::: Source material :::
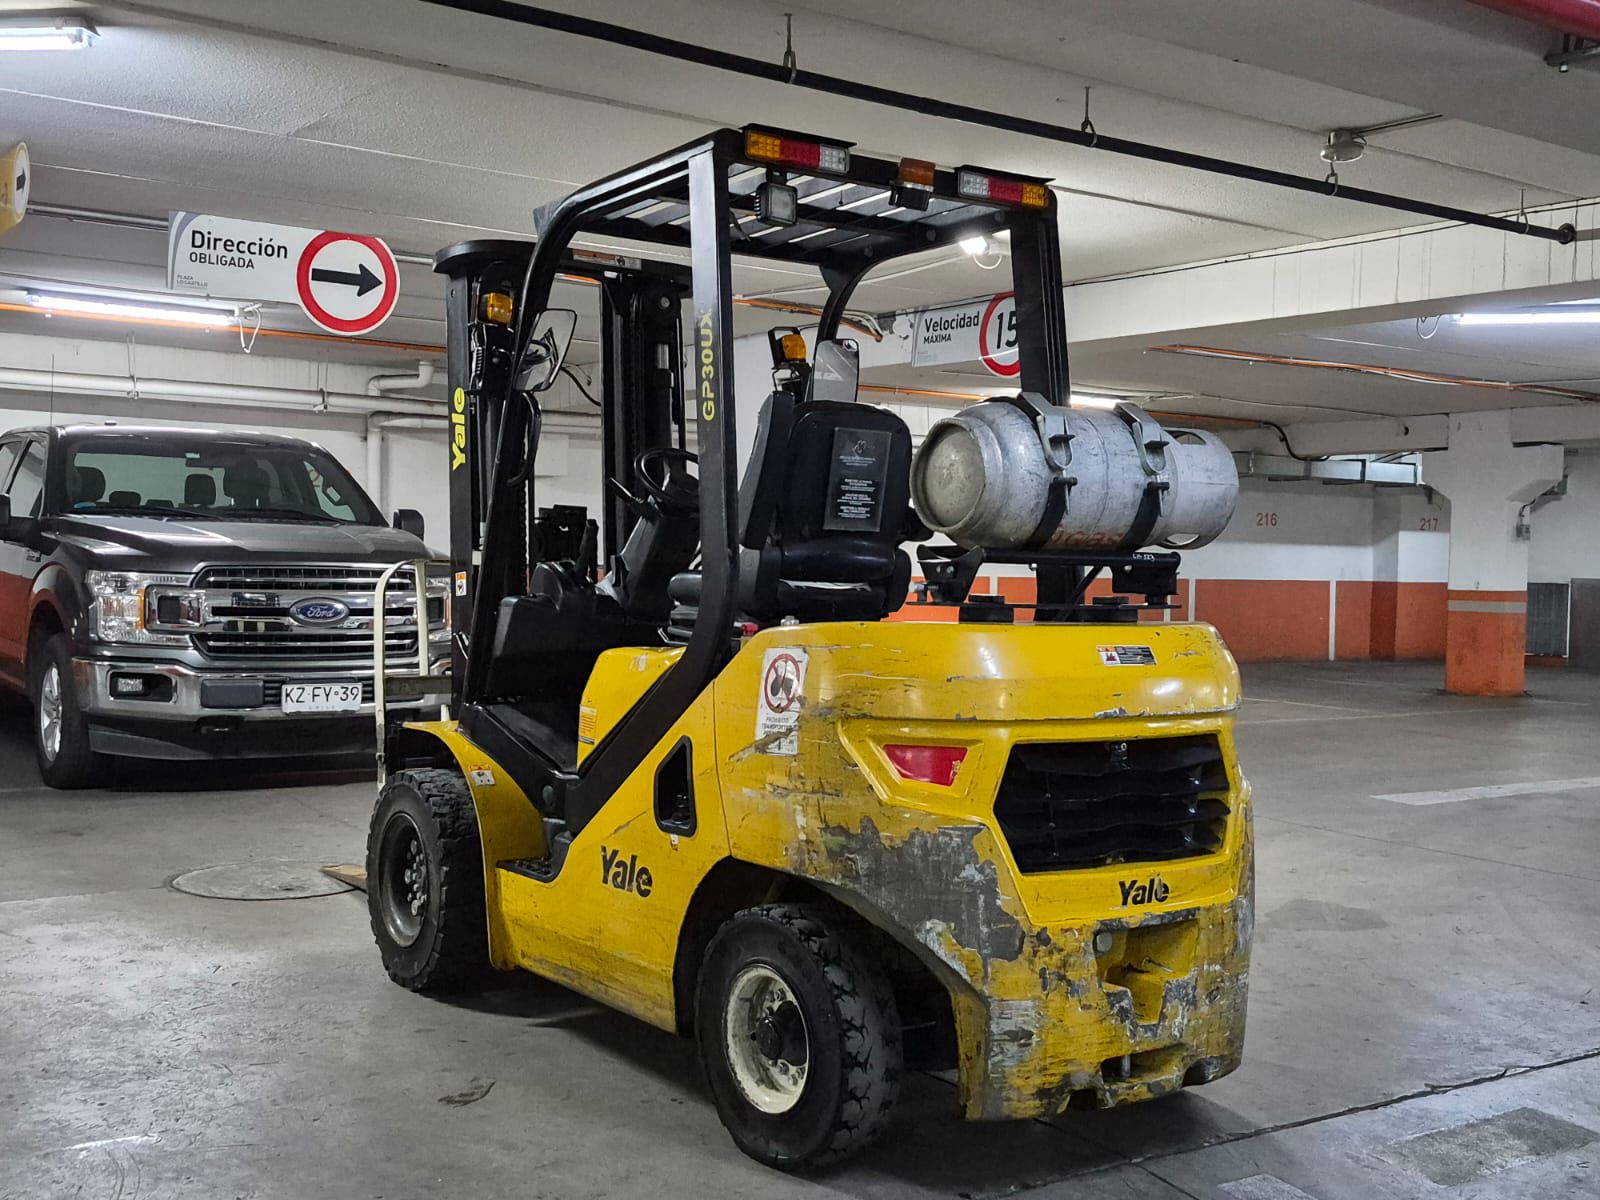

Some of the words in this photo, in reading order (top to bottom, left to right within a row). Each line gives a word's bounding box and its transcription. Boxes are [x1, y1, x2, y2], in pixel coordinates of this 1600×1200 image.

[191, 230, 288, 259] Dirección
[189, 252, 255, 269] OBLIGADA
[925, 311, 979, 333] Velocidad
[996, 311, 1018, 350] 15
[923, 333, 952, 344] MÁXIMA
[701, 312, 715, 421] GP30UX
[452, 387, 466, 471] Yale
[1256, 513, 1278, 527] 216
[1419, 518, 1439, 531] 217
[307, 605, 335, 617] Ford
[601, 845, 653, 898] Yale
[1119, 878, 1169, 906] Yale
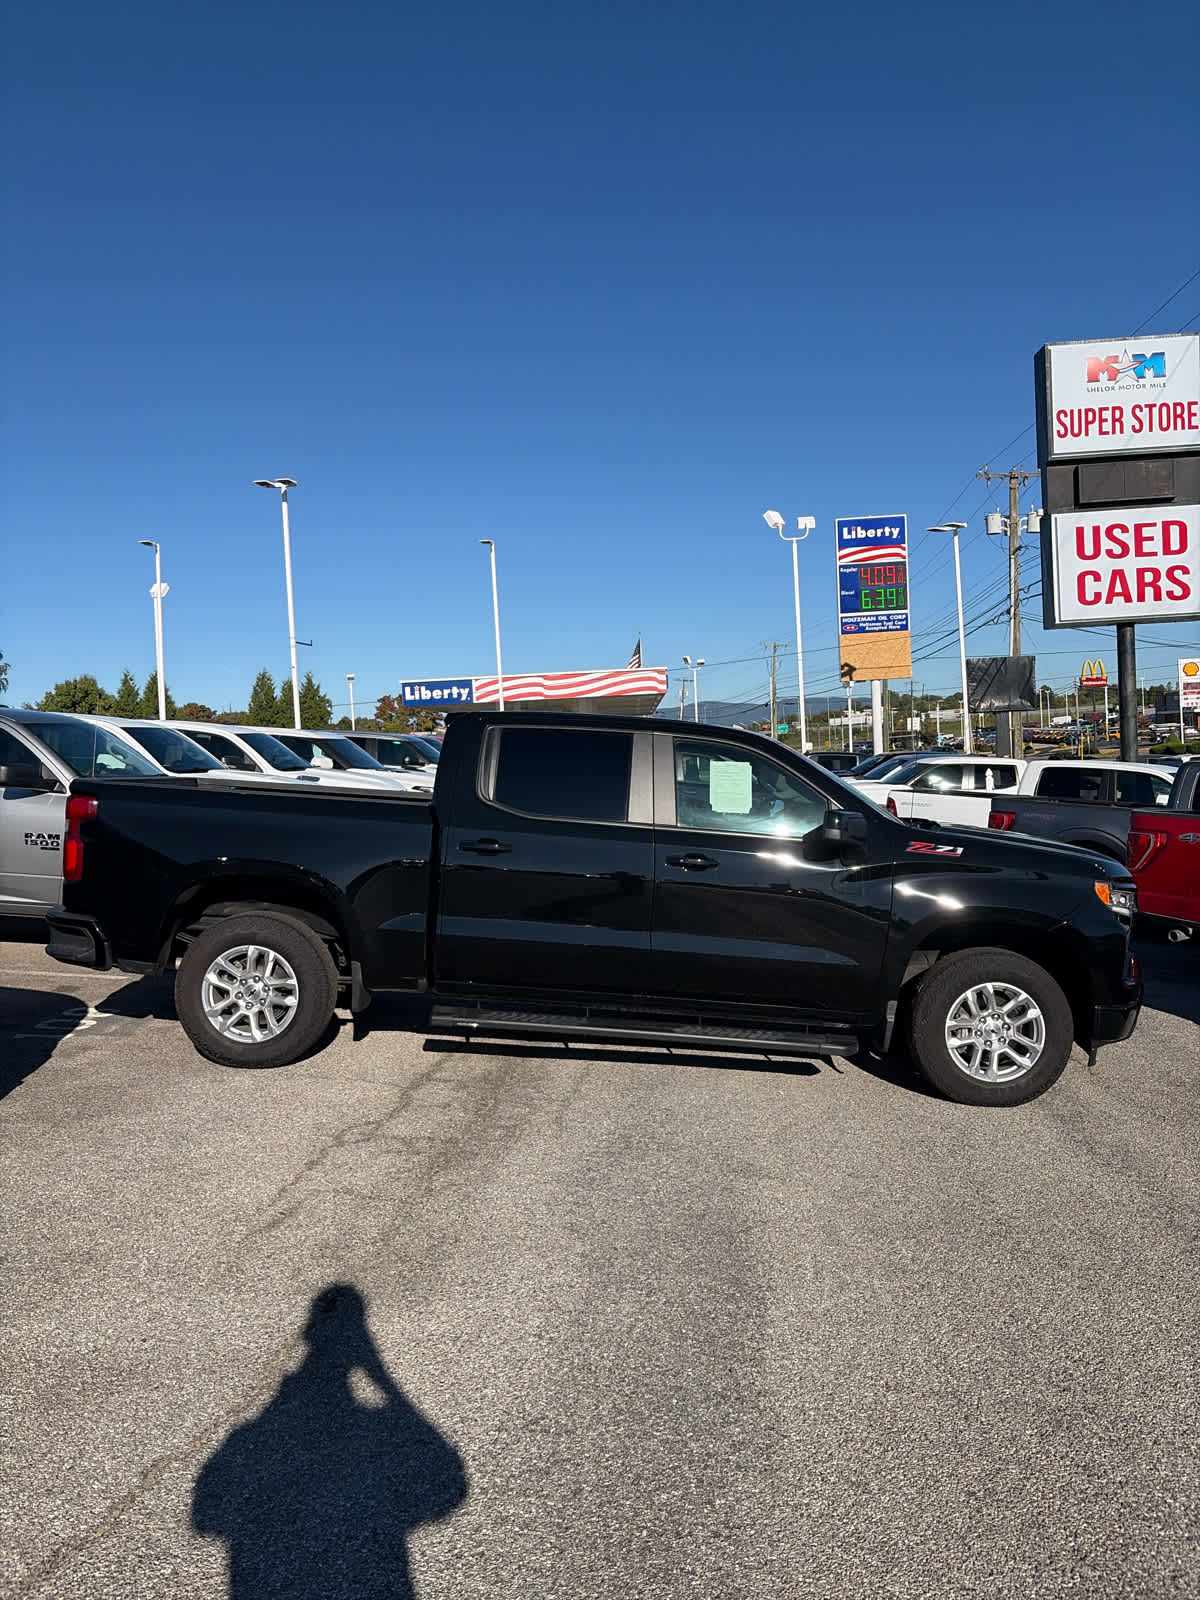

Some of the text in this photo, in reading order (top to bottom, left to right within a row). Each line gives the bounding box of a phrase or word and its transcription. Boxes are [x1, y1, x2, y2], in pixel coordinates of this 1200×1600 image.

[1087, 385, 1115, 393] SHELOR
[1118, 383, 1147, 391] MOTOR
[1056, 401, 1200, 438] SUPER STORE
[843, 526, 901, 539] Liberty
[1075, 520, 1189, 561] USED
[1077, 565, 1191, 606] CARS
[862, 588, 897, 609] 6.39
[404, 685, 470, 701] Liberty
[24, 832, 60, 840] RAM
[906, 841, 964, 856] Z71
:::
Your goal :: Repeat the lines above, from the one containing "Some of the text" to the final line, word for word and with nothing else.

The completed task ::
Some of the text in this photo, in reading order (top to bottom, left to right within a row). Each line gives the bounding box of a phrase or word and its transcription. Boxes are [x1, y1, x2, y2], in pixel coordinates of this 1200×1600 image.

[1087, 385, 1115, 393] SHELOR
[1118, 383, 1147, 391] MOTOR
[1056, 401, 1200, 438] SUPER STORE
[843, 526, 901, 539] Liberty
[1075, 520, 1189, 561] USED
[1077, 565, 1191, 606] CARS
[862, 588, 897, 609] 6.39
[404, 685, 470, 701] Liberty
[24, 832, 60, 840] RAM
[906, 841, 964, 856] Z71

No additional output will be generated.